The Prayer Partner Letter is a publication of Pioneer Bible Translators
 
July 2016


Dear Prayer Partners,
 
Melinda is a Pioneer Bible Translators missionary serving in North Africa. Because of civil unrest and violence in the country where she serves, including the town where she lives, she evacuated to a nearby country. However, when she learned that the fighting in her town had stopped (at least temporarily), she returned for a visit. In a recent newsletter, Melinda wrote of that visit under the title “Home for a Time.”
 
Bittersweet doesn’t even begin to describe the return to my African home. Just as the car pulled up to our gate, the young widow of our watchman (who had been killed in the violence) and his old mother were walking by. I climbed out of the car and held the widow’s small, shaking body as she sobbed in my arms. Then I turned to his mother and held her hand as tears splashed onto the front of her dress. I spotted my neighbor and went to hug her, and she was bawling. “You have arrived in the midst of hardship!” she wailed. Our area chief had just died the day before.

Not exactly the welcome home I was expecting, but it is the reality of this place.

I arrived to find people in extreme hardship. They are getting worried because mango season is ending, but the corn hasn’t ripened yet. The bit of food that is in the market is so expensive, people can’t afford it. There will be a lot of hungry people by next month
 
The refugee camp was different. Although people were traumatized from the war up north and suffering their own type of hardship, at least there was regular food distribution (however small) and very good medical care in the refugee camp. Here there is nothing of the sort.

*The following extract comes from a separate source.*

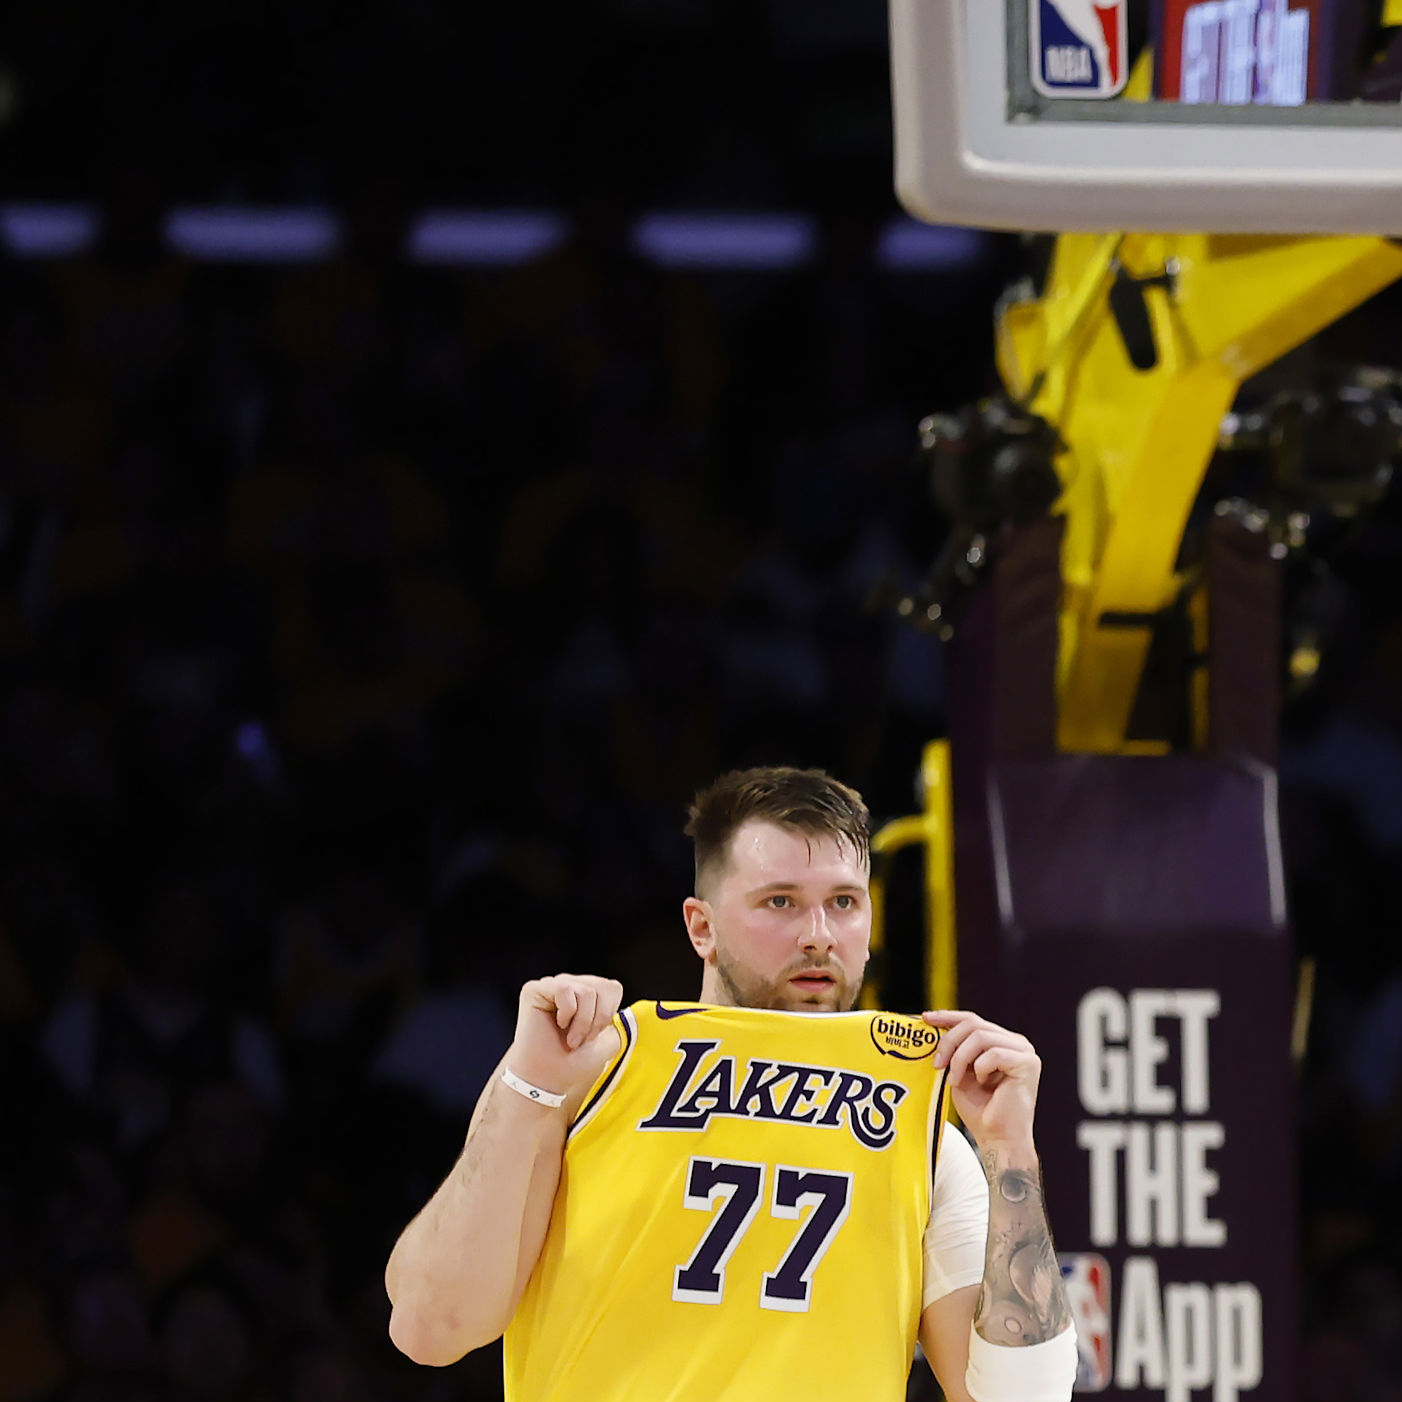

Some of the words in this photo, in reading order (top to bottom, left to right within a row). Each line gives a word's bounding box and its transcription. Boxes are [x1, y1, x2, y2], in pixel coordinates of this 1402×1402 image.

However, in the midst of all this hunger, death and despair, people still are worshiping God. On Sunday I went to church and was so encouraged to witness people jubilantly lifting their voices to Heaven. They know where their help comes from!

Adding to the excitement was the announcement that the long-awaited songbooks in their mother tongue had arrived from the printer. A choir member declared, “We are going to chase Satan away from this place with our singing!”
 
The sermon was riveting. The pastor referenced John 6:60-69, where most of Jesus’ disciples left him when the going got tough. Jesus asked the remaining twelve if they, too, were planning on leaving Him, and Simon Peter’s answer were the words that brought hope to the worshippers on Sunday: “Lord, to whom shall we go? You have the words of eternal life….

Jesus’ words of eternal life have sustaining power. (That’s why we’re here doing this difficult work!)

When fighting caused everyone to flee to the bush, my friend gave birth to her baby girl under a tree with only her friend to help with the birth. Nothing else was there to sustain her – only her faith and hope in eternal life.

When a local pastor remained behind after almost everyone had fled, he found an old woman alone at her home, and sat with her for some time to encourage her. Nothing else was there to sustain her – only her faith and hope in eternal life. (She entered heaven shortly thereafter from an asthma attack. No medicine was at the hospital to save her.)

When the army drove around town in their trucks, emptying out all the stores into their vehicles, literally nothing else was left to sustain people – only their faith and hope in eternal life.

These are just a few stories that I have heard in the week that I’ve been here. It’s as if people need somewhere to pour all their grief and despair, and I am that vessel. But that’s okay; it is the least I can do to share in their sufferings.
 
There are no quick, easy fixes for this situation. The only thing that people want is peace to come so they can stay home, plant food in their gardens, send their children to school, and enjoy a peaceful life. 

Thank you for your prayers,
Gerald & Ruth Denny
Coordinators of Prayer Ministries
Pioneer Bible Translators
 
 
Pray that lasting peace will come soon to this North African country.

Pray that the people will have enough nourishing food to eat and pure water to drink.

Thank God that the Christians who are suffering such difficulty are still able to worship God and hold on to their faith in Jesus and their hope of eternal life.

Thank God for missionaries like Melinda who continue to visit the people whenever possible: listening to them, empathizing with them, praying with them, and helping build up their faith in the life that is to come.